Je tends ce qu'il reste de leur relation à Chris, sourire aux lèvres. Au fond de ma gorge, une boule s'est logée. Pourtant, mes yeux ne sont pas humides. Il n'y a que l'émotion de retrouver des vestiges de leur vie qui me submerge.

Chris doit le sentir puisqu'il presse son épaule contre la mienne tout en observant ce que je lui montre. Il sourit très légèrement, avant de déposer un baiser sur ma joue et de se replonger dans les recherches.

De mon côté, je prends une photo, que j'envoie à Lyana pour qu'elle découvre avec moi nos trouvailles. Puis, comme Chris, je finis par reporter mon attention sur les documents. 

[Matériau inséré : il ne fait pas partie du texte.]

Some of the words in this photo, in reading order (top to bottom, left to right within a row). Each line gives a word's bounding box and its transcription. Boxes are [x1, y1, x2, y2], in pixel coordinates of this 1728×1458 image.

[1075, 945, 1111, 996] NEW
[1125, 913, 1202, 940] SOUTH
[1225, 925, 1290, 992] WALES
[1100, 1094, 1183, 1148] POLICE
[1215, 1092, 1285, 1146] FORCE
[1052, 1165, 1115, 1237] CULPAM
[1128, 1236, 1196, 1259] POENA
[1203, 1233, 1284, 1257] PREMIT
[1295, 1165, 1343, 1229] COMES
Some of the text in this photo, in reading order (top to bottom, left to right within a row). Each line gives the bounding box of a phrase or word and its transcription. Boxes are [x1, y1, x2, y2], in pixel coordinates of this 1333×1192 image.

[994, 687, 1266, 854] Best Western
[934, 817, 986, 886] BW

Il a raison, nous avons des choses à faire. Je ne devrais pas me laisser ralentir par des souvenirs. Je glisse donc le billet dans une boite près de mes pieds et c'est là que je le remarque. Un boitier noir, ensevelie sous les papiers. Seul le cordon dépasse mais pas besoin d'être un génie pour comprendre ce dont il s'agit.

— Je l'ai. Je crois que je l'ai.

Tremblante, j'hésite encore à me pencher pour sortir le disque dur externe de la boite que Chris est déjà en train de le brancher à son ordinateur. Je suis tous ses gestes, comme si cela pouvait m'apaiser. En l'occurrence, ça ne fait que faire battre mon cœur plus rapidement.

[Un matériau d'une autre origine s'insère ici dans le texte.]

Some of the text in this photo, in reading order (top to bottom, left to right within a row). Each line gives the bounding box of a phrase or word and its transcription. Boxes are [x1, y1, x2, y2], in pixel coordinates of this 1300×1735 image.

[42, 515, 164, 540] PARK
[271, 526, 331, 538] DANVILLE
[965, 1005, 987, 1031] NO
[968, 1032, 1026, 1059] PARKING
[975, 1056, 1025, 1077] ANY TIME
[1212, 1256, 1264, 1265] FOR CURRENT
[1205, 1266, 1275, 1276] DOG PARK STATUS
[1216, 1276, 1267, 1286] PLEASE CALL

Le temps paraît s'étirer sur une éternité avant que nous ne parvenions à entrer dans le disque dur. Ça charge et ça charge et ça charge...

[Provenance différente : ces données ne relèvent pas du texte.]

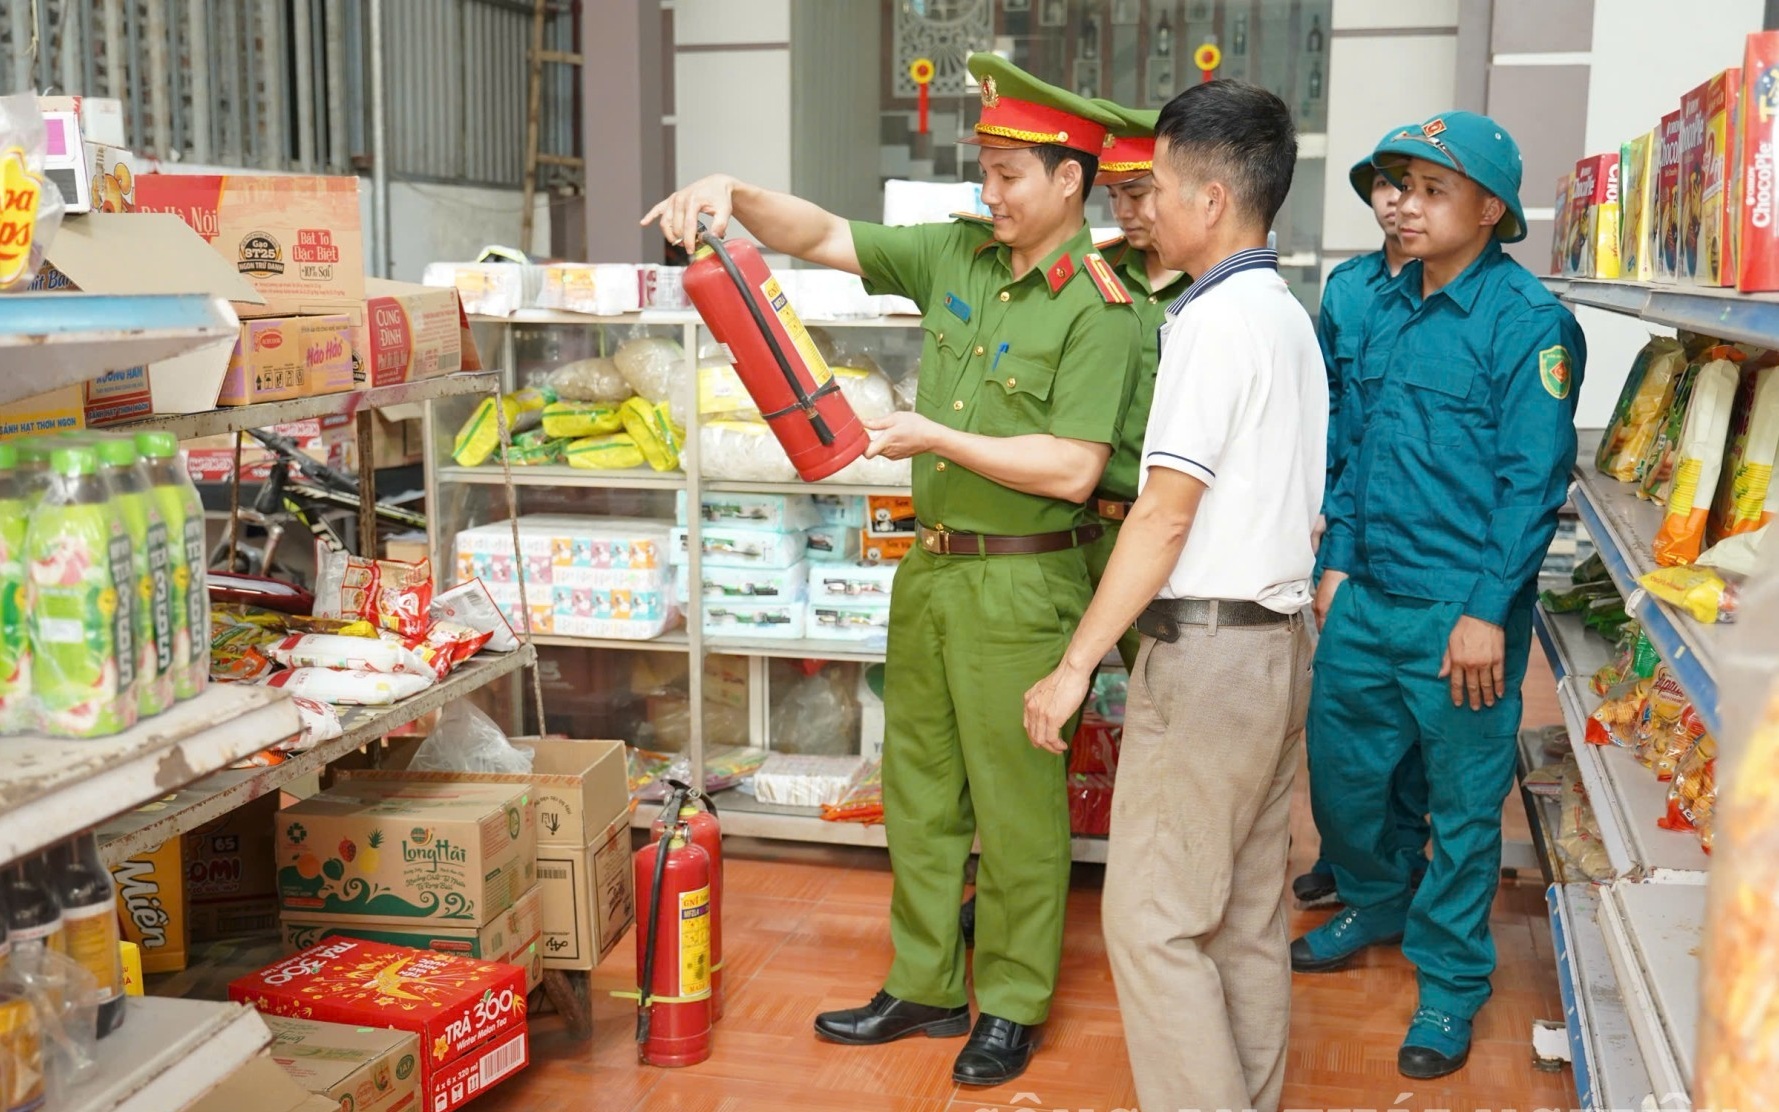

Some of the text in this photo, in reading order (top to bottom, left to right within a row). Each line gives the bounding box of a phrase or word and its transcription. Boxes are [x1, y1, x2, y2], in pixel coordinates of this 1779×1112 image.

Jusqu'à ce que le premier fichier apparaisse enfin.

Il porte le nom très précis de « Kalis Westmor ». Difficile de se tromper là-dessus.

Chris s'apprête à cliquer dessus quand de nouveaux dossiers s'affichent enfin.

— Attends !

Mon cri résonne dans la maison quasi vide mais rien ne détourne mon attention du nom que je viens de lire. Mauricie Juliardy.

Juliardy ?

Je l'ai déjà vu quelque part. Je l'ai...

Soudain, des flashs me reviennent. Mais oui, bien sûr ! C'est l'un des dossiers qui était relié à celui de ma famille. Juliardy, un autre assassinat sans réponse. Sans survivant, surtout. Personne pour chercher à comprendre. Pour vouloir les venger.

— C'est bien ça. Tout est lié. J'aurais dû le savoir.

— Savoir quoi ?

— Snavelly a tué bien plus de gens qu'on ne le pense. Et tous ces noms... Tous ces gens sont morts parce qu'ils savaient quelque chose. Ouvre le dossier Westmor. Je veux voir.

Chris s'exécute.

Dedans, des dizaines de fichiers. Des photos, pour la plupart. Nous les ouvrons toutes une à une, les analysons comme nous pouvons. Ne pas être experts dans la matière nous empêche d'aller vite mais au moins, les informations s'intègrent lentement dans mon esprit.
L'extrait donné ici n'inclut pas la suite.